Your objective:
Each line of data below is to be returned exactly, leaving out any picture.

Material for this exercise:
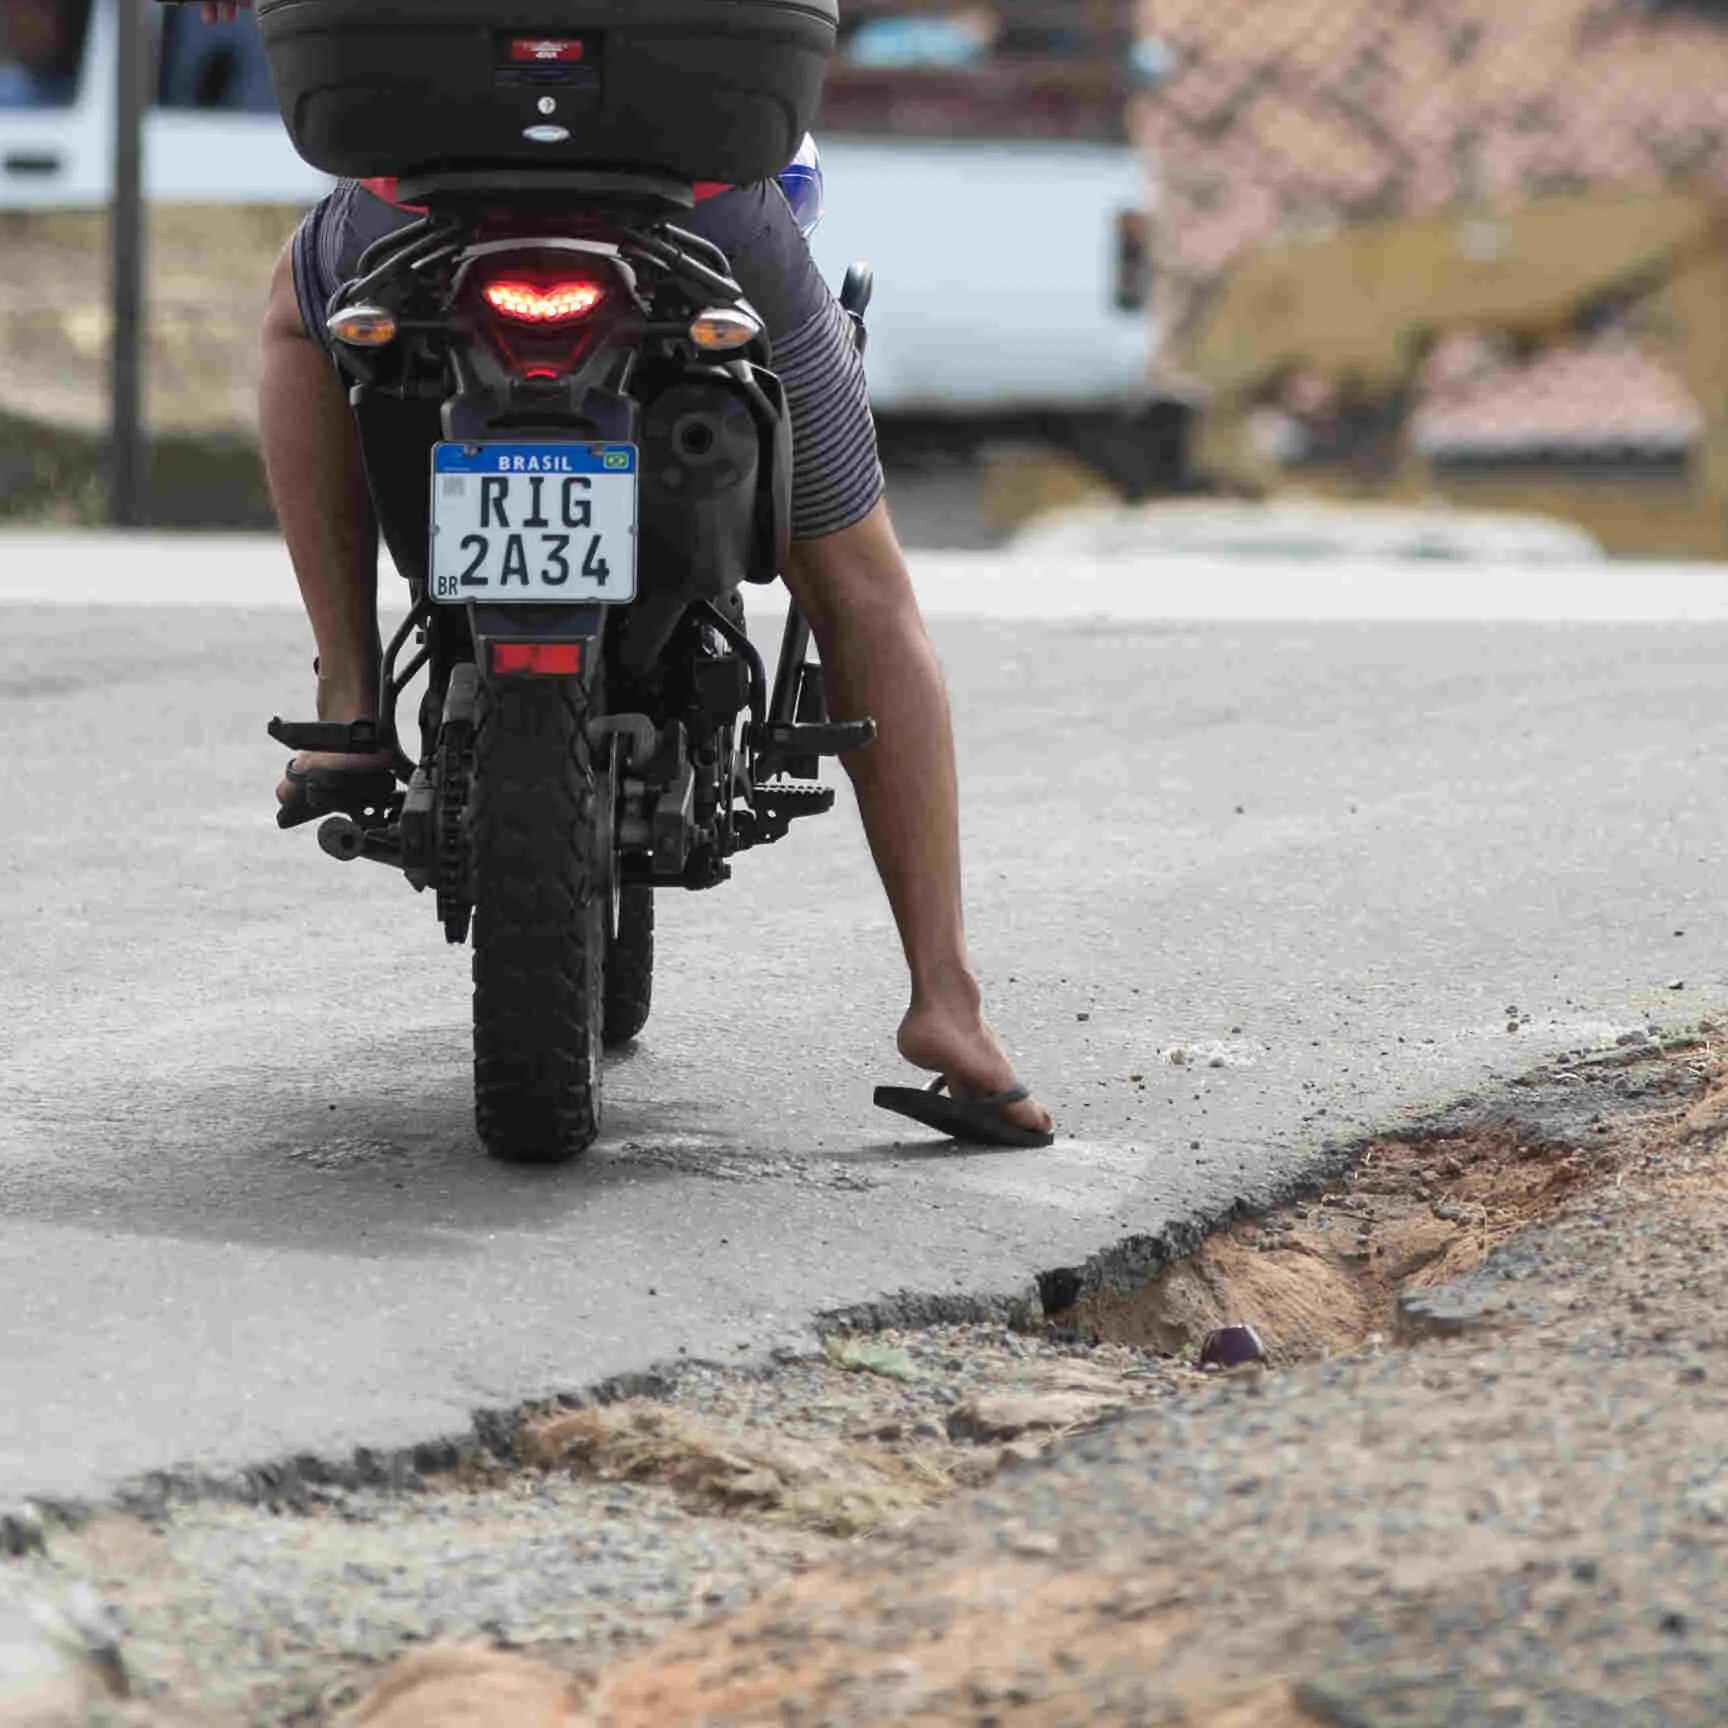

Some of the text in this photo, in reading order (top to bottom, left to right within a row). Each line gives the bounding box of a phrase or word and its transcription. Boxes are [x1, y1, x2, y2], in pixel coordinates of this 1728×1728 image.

[499, 455, 572, 471] BRASIL
[480, 476, 593, 528] RIG
[459, 534, 610, 587] 2A34
[438, 576, 458, 596] BR
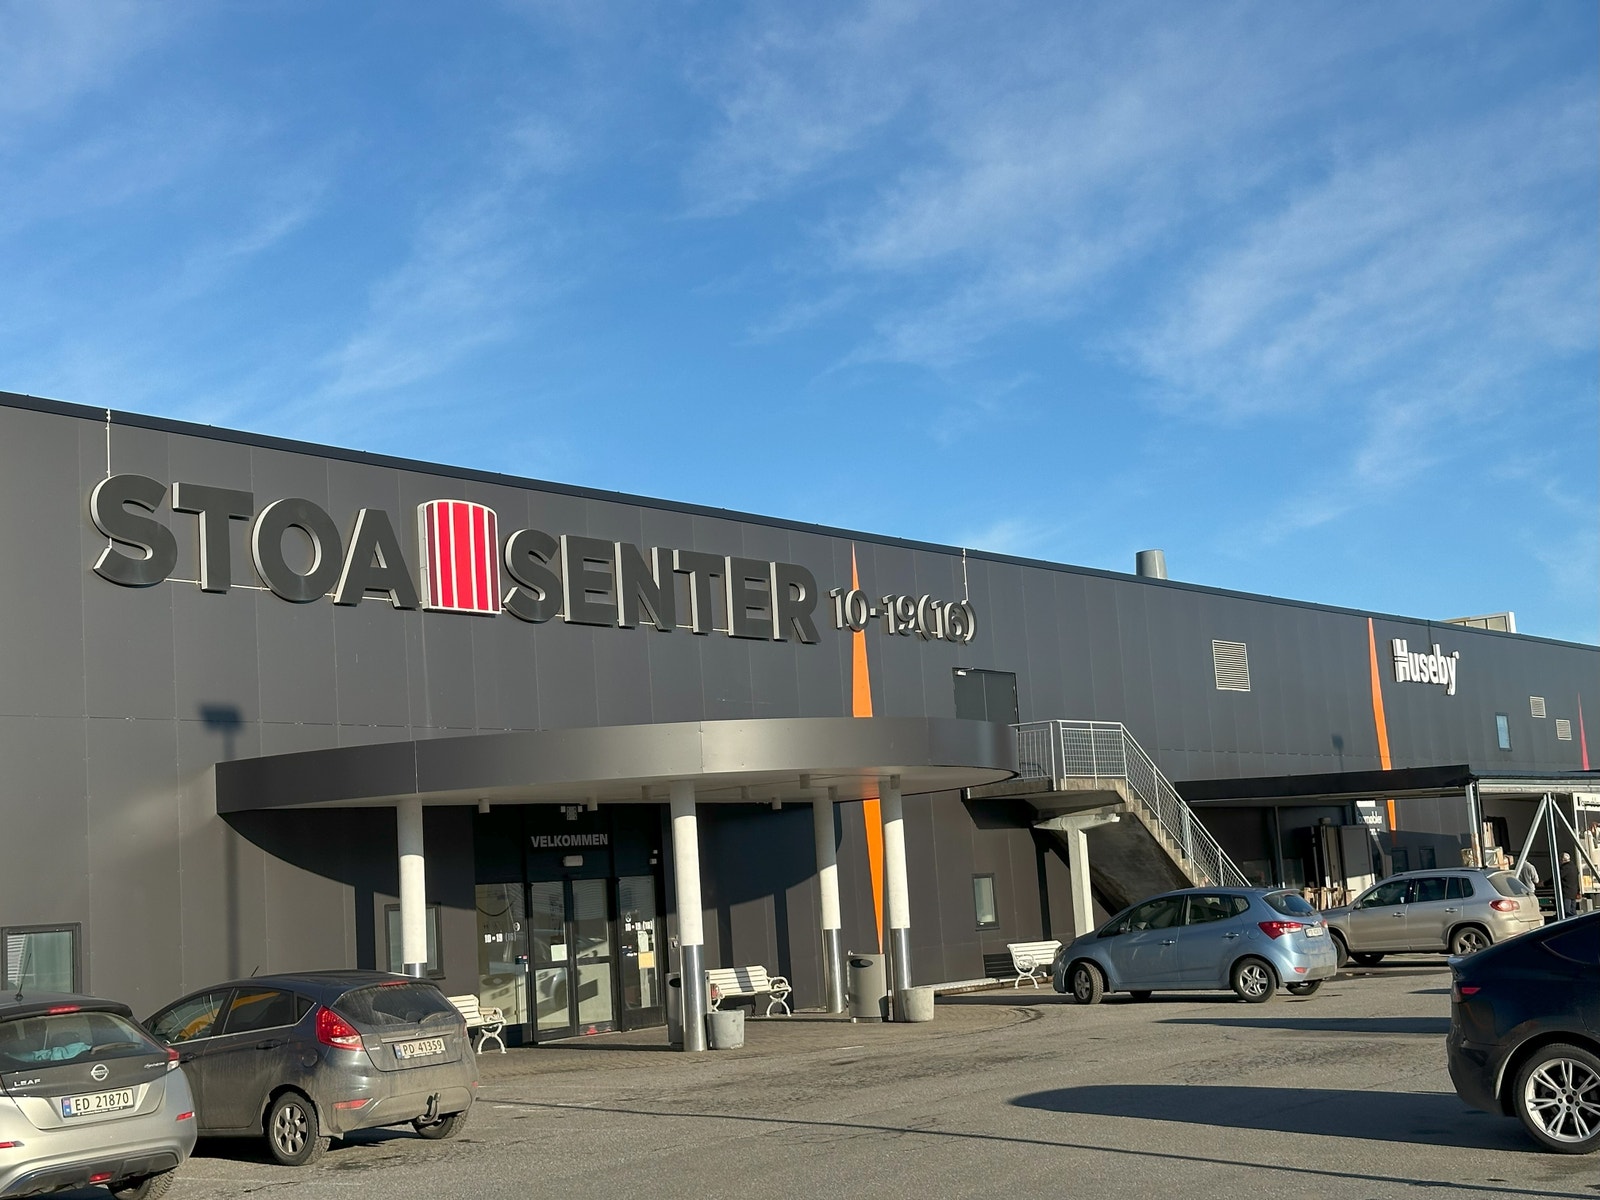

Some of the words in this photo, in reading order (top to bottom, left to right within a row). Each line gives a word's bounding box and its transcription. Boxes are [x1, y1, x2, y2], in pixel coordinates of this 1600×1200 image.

[90, 473, 419, 610] STOA
[502, 528, 821, 645] SENTER
[1391, 638, 1457, 696] Huseby
[531, 833, 609, 848] VELKOMMEN
[402, 1044, 415, 1055] PD
[418, 1039, 443, 1052] 41359
[13, 1078, 41, 1087] LEAF
[75, 1098, 91, 1111] ED
[95, 1091, 129, 1108] 21870
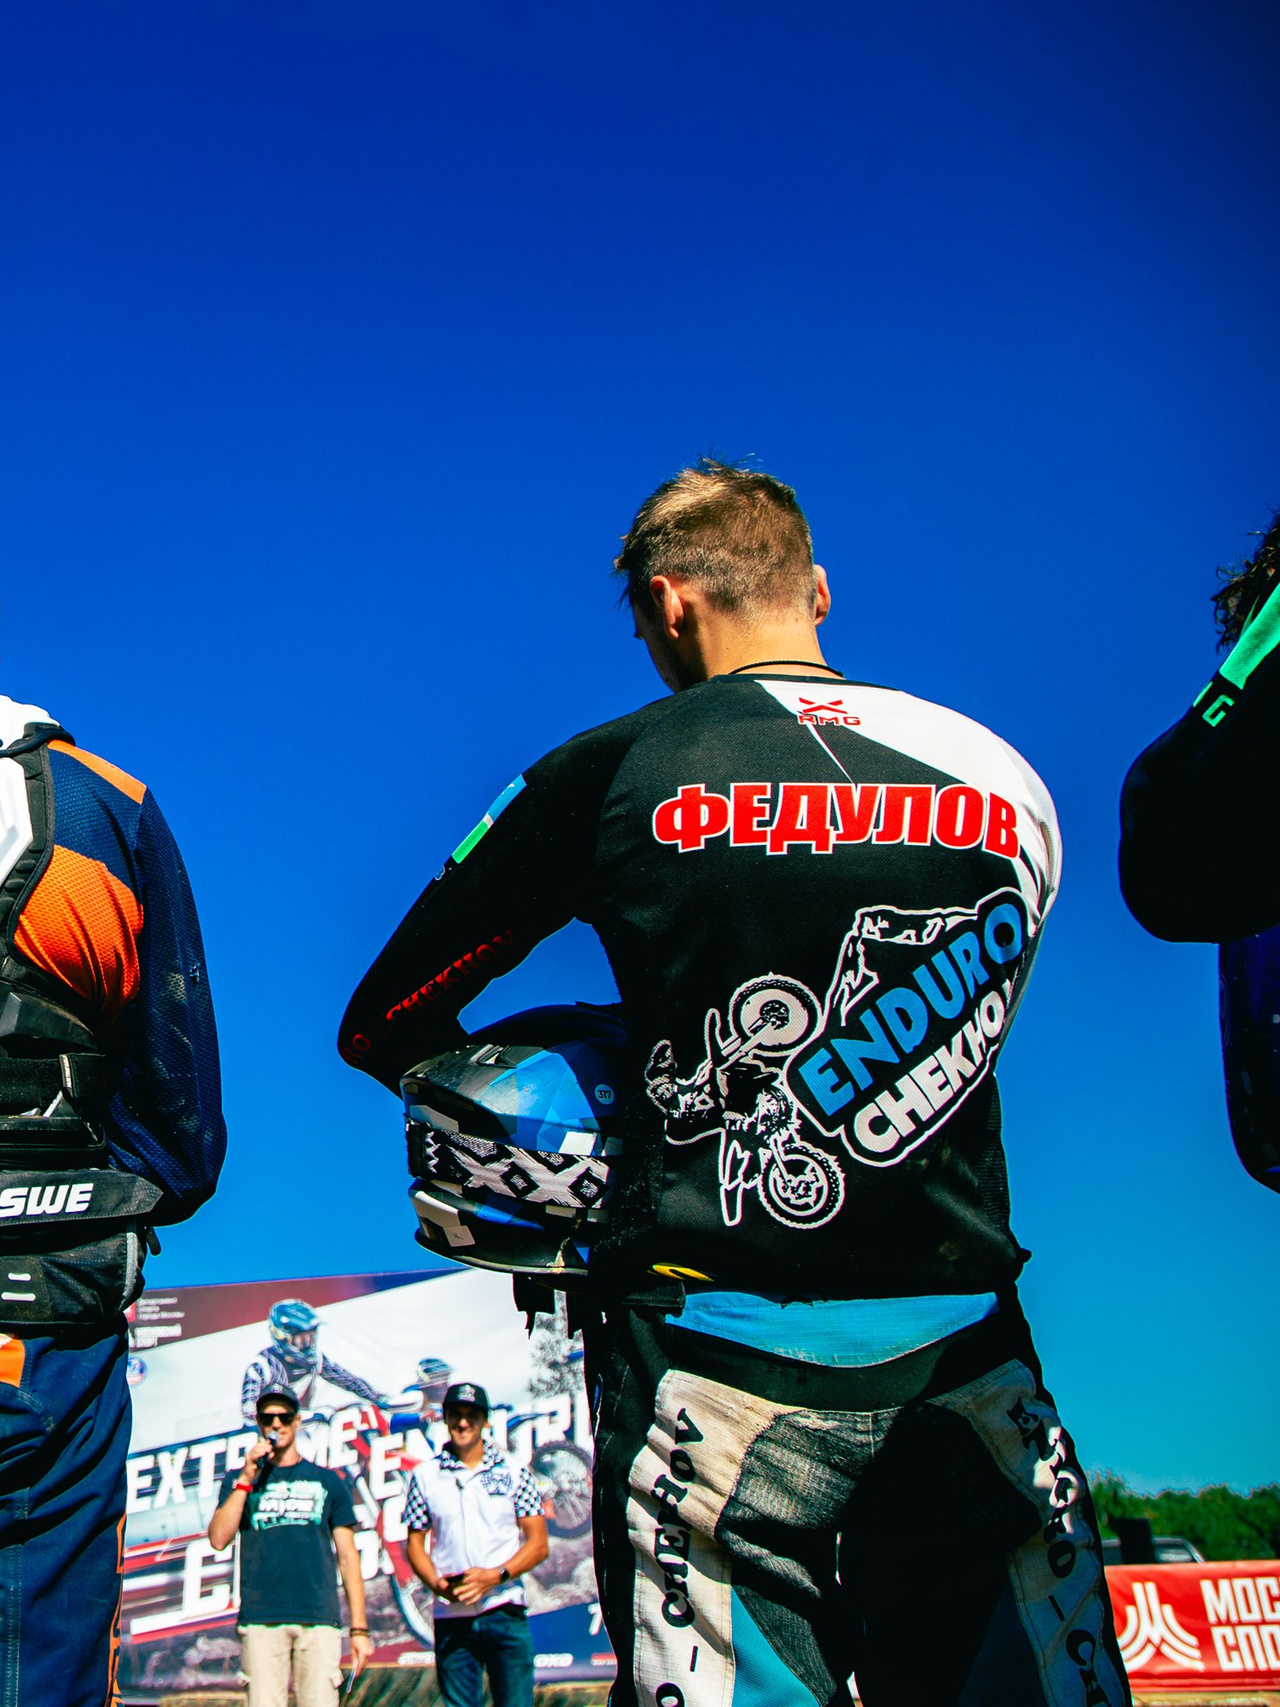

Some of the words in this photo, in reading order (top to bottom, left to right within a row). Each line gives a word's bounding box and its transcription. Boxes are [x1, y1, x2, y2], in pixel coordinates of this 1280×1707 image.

[797, 715, 861, 726] RMG
[652, 782, 1021, 859] ФЕДУЛОВ
[798, 903, 1023, 1116] ENDURO
[1199, 1576, 1280, 1625] МОС
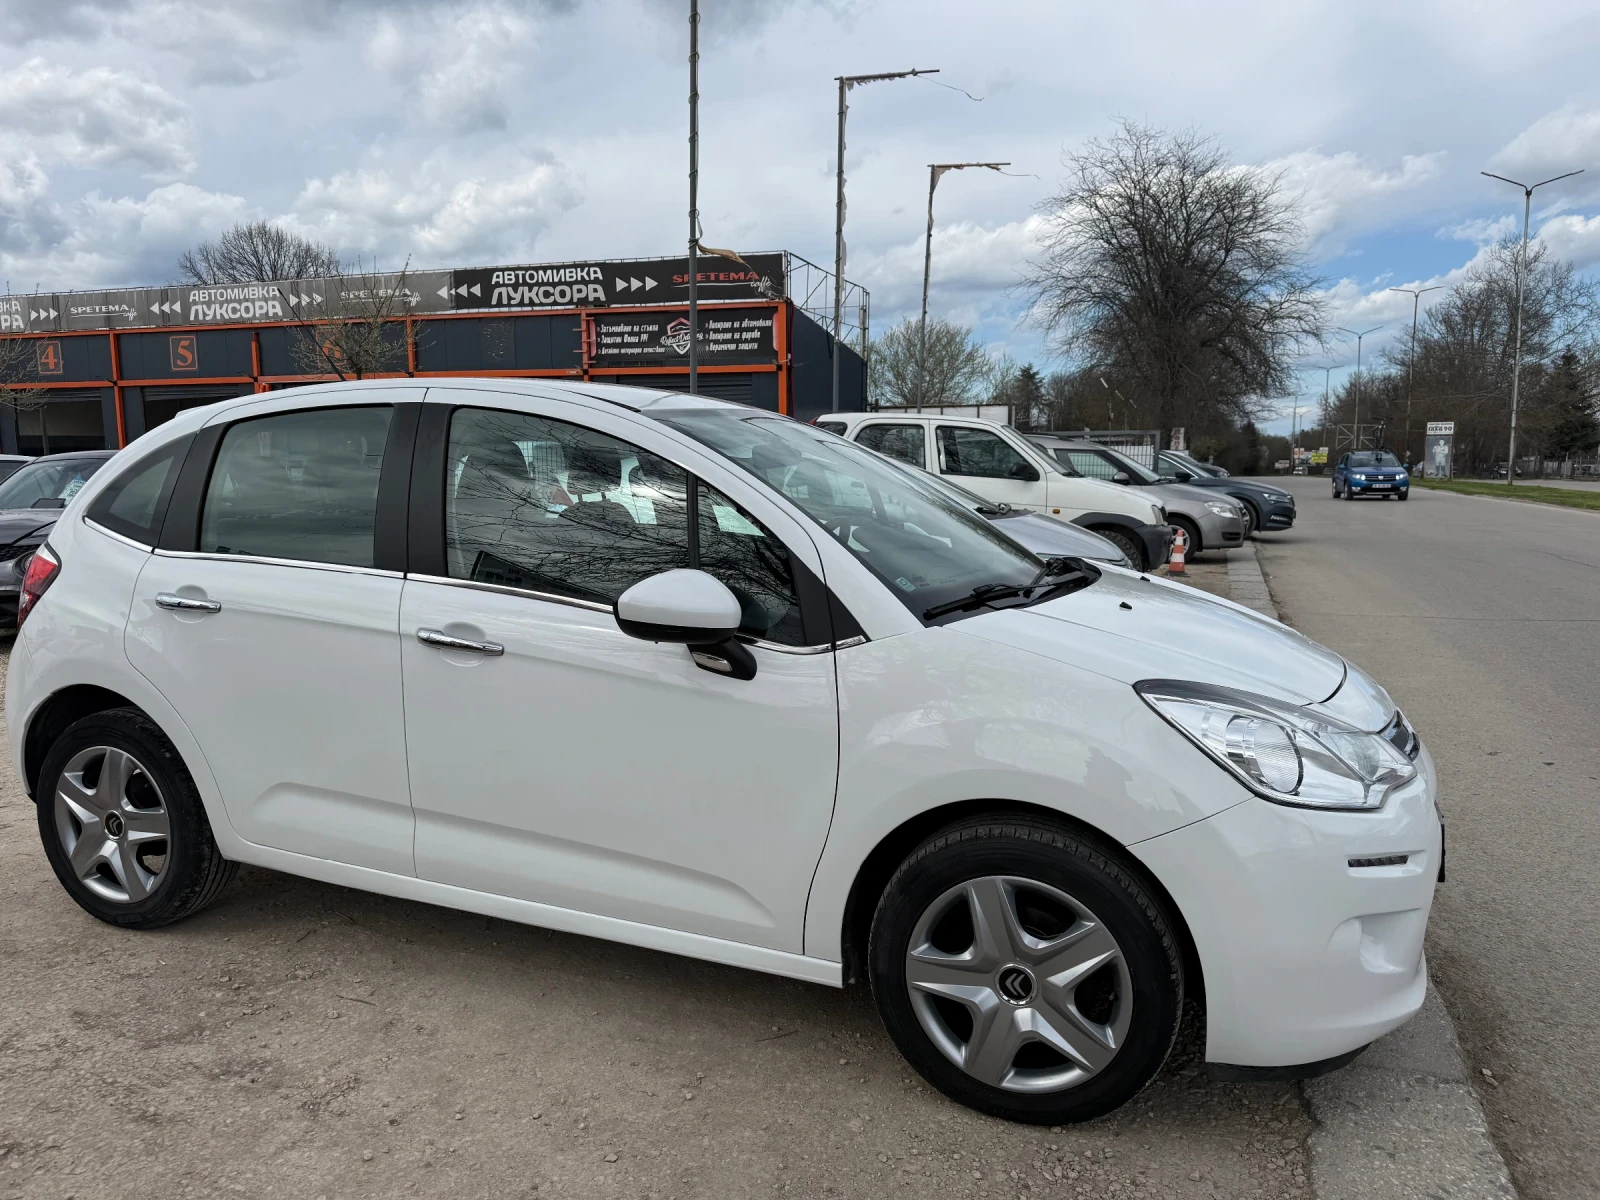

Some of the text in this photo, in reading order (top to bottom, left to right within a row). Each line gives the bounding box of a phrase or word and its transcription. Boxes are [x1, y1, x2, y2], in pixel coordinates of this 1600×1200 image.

Response:
Some of the text in this photo, in reading order (top to bottom, left to right within a row). Each line gives the bounding box of a phrase or word and its transcription. Boxes are [x1, y1, x2, y2], in pixel coordinates of this 1728×1728 image.

[499, 455, 572, 471] BRASIL
[480, 476, 593, 528] RIG
[459, 534, 610, 587] 2A34
[438, 576, 458, 596] BR

Some of the words in this photo, in reading order (top to bottom, left to right within a row). Each line gives a word's bounding box and its transcription. Boxes are [x1, y1, x2, y2], in pixel coordinates of this 1600×1200 image.

[90, 473, 419, 610] STOA
[502, 528, 821, 645] SENTER
[1391, 638, 1457, 696] Huseby
[531, 833, 609, 848] VELKOMMEN
[402, 1044, 415, 1055] PD
[418, 1039, 443, 1052] 41359
[13, 1078, 41, 1087] LEAF
[75, 1098, 91, 1111] ED
[95, 1091, 129, 1108] 21870

Some of the words in this photo, in reading order (top to bottom, left to right within a row). Each line gives a word's bounding box and its transcription. Boxes are [x1, y1, x2, y2], in pixel coordinates of this 1280×1707 image.

[797, 715, 861, 726] RMG
[652, 782, 1021, 859] ФЕДУЛОВ
[798, 903, 1023, 1116] ENDURO
[1199, 1576, 1280, 1625] МОС

Some of the text in this photo, in reading order (top to bottom, left to right within a row). Each line gives the bounding box of a phrase or word and its transcription. Boxes are [x1, y1, x2, y2], in pixel coordinates of this 1600×1200 image.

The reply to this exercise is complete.